From the law firm of Foster Garvey comes helpful reminders as to how ordinary purveyors of onion dip and ale can avoid attracting the attention of the National Football League on the occasion of the entity’s annual Big Game.

Legal Alert: Is Your Super Bowl Marketing Campaign Playing by the Rules? 5 Tips to Help You Avoid Getting a Penalty

With the Super Bowl coming up, it is important for brands looking to capitalize on football-themed promotions to remember that the terms “Super Bowl” and “Super Sunday” are registered trademarks guarded by the National Football League (NFL) more closely than a shutdown corner on a wide receiver.

Because there is a fine line between permissible fair uses of the phrases “Super Bowl” and “Super Sunday” (e.g., in on-air banter and news and sports reports) and impermissible promotional uses that may infringe the NFL’s trademarks, here are some reminders to keep you from going “offsides.”

Each year when the Solemn Occasion rolls around, I refrain from rooting for individual teams, and instead pull for local independent food and drink operators to make a few bucks from the public’s seemingly inexhaustible enthusiasm for future brain injury creation.

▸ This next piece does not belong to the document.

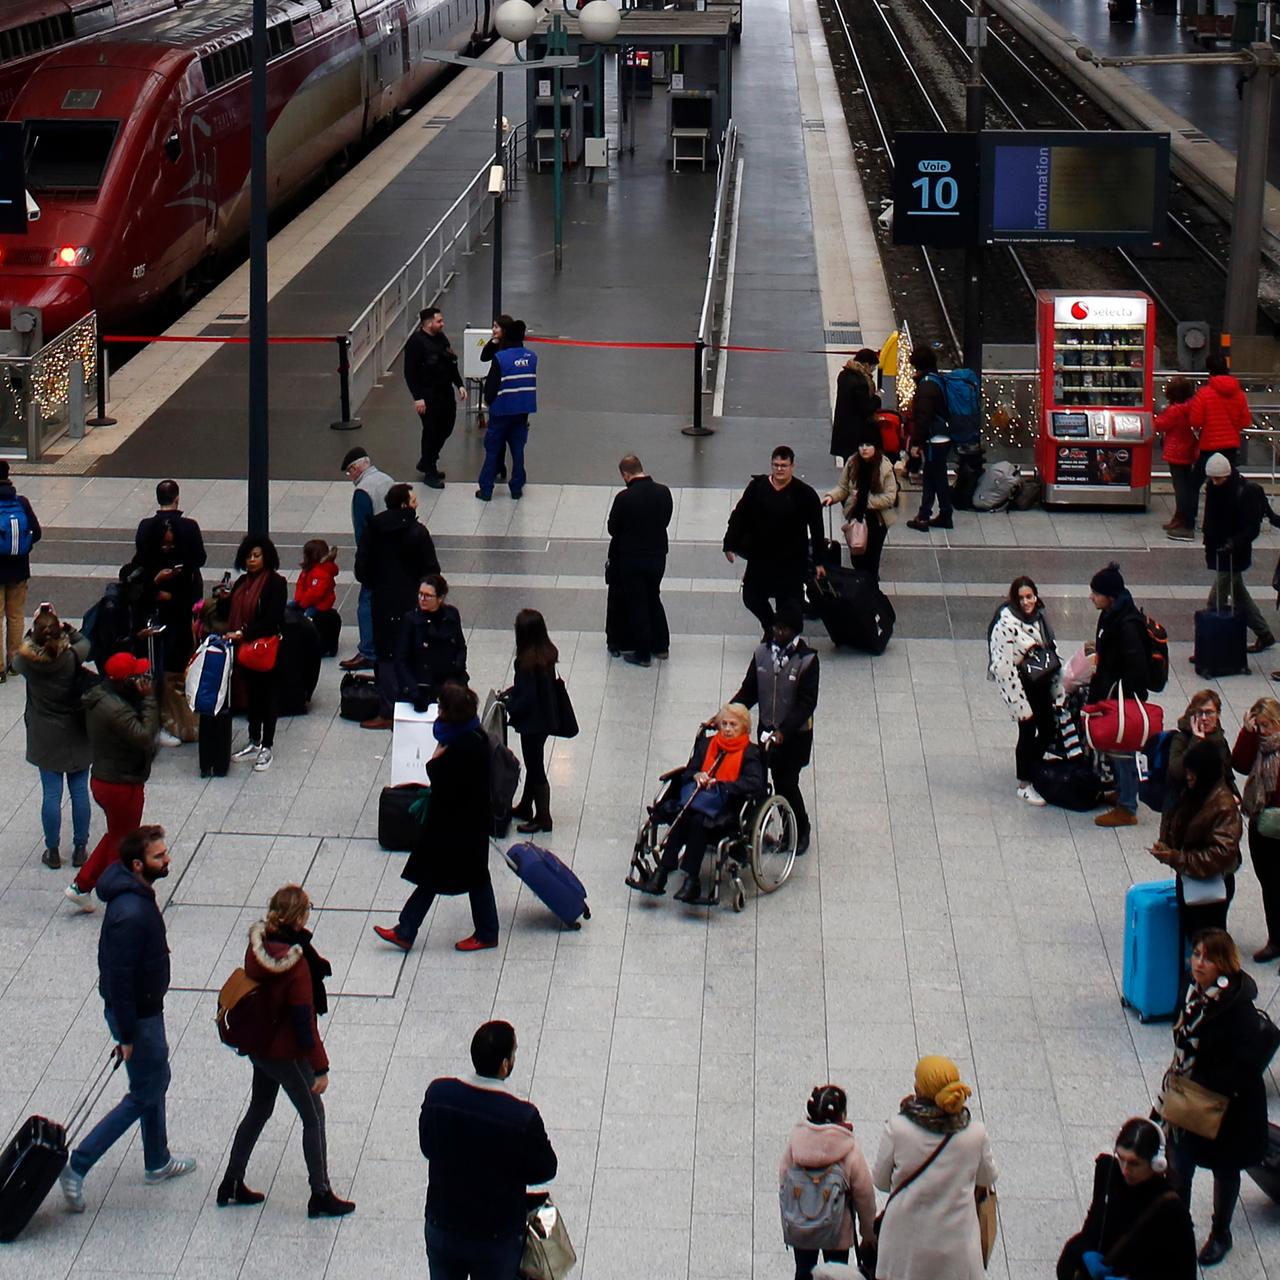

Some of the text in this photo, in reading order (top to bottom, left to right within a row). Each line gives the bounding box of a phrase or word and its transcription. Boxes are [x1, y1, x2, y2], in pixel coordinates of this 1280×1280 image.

Wait, I can use those words…can’t I?

The NFL’s self-important pomposity left me behind years ago, and it is ceaselessly annoying to consider a small business struggling to get by, but earnestly considering Foster Garvey’s admonitions lest a random strike by a corporate sporting monolith knocks them off kilter.

It’s a case for widespread civil disobedience, and probably already is, but I digress.

Even a serial Grinch like me evolves, and in recent years I’ve softened my stance and deign to watch an occasional pro game. The business of pro sports actually interests me to a greater degree than the action on the field, but like many people who never played the game apart from sandlot scruffling, the gladiatorial aspects can be mildly amusing just so long as we don’t confuse any of it with the U.S. Constitution (football is an elective, folks, not a required course).

Boys and girls, let’s be extra careful out there. Here is an article authored for my blog in 2013.

Brain injuries, the NFL, and my indifference…to football.

Several times over the past two or three years, I’ve posted links to stories about brain injuries in sports, primarily football, but with at least one sobering report on concussions in hockey. Readers can search for them if they’re interested.

As a prelude to what follows, note that I’ve never been a diehard football fan. The last college game I saw in its entirety (“watched” would be assuming a level of sobriety that was not at all the case) was the last one I attended in person, a University of Louisville game in the late 1980’s. I’ve always liked professional football far better, but even so, my attention span over a period of two decades has waned steadily, to the point where in recent years, I’d seldom see more than a quarter or two until the playoffs started.

This year … well, not even that.

In fact, with the (protected terminology deleted) coming today, I’ve seen exactly zero games all year. Maybe a few seconds of live action on a television screen at a bar, but that’s it. The playoffs began, and still there was no compelling interest. Tonight, barring the unexpected, I won’t tune in to the big game. I’ll have to miss Beyonce, too.

(When the Black Eyed Peas played the Super Bowl halftime a few years ago, I thought it was a Marcel Marceau tribute band. Maybe that’s because I had the TV on mute)

Finally it has dawned on me that while there wasn’t much interest in football on my part before, now there’s virtually none, and it is the increasingly well-documented, regrettable, lifelong physical toll suffered by the players which is to blame for my turning away.

It isn’t just the pros. The more I read about youth football injuries, the greater understanding we have as to how, even only occasionally, difficult subsequent lives, erratic adulthoods, and those suffering from dementia far before their time might be explained.

Gene Demby’s NPR essay is an eloquent statement. I never was a fan, so it’s easier for me. I’ve just entirely stopped watching.

Brain Injuries And The NFL: A Fan’s 5 Stages Of Grief, by Gene Demby (National Public Radio)

A few years ago, before “CTE” was as much a part of football conversations as “quarterback rating” or “wild card spot,” I had a conversation with some friends about unsettling news stories that linked the sport to brain injury.

As we spoke, an avowed hater of sports piped up. “Football, as it’s currently played, is completely indefensible,” she said.

I bit my tongue at the moment, but I later talked about it the way any dyed-in-the-wool Eagles fan might: “She hates sports and football! What does she know? These cases could be isolated. And anyway, these dudes play of their own volition!”

I look back on that conversation with a kind of mortification now, given all the stuff we’ve learned about football-related brain injuries and chronic traumatic encephalopathy since then. She was right.

Anyone familiar with the Kubler-Ross model would recognize my defensive apoplexy as denial, the first stage of reckoning with a terrible reality. It’s followed by anger, bargaining, depression and acceptance.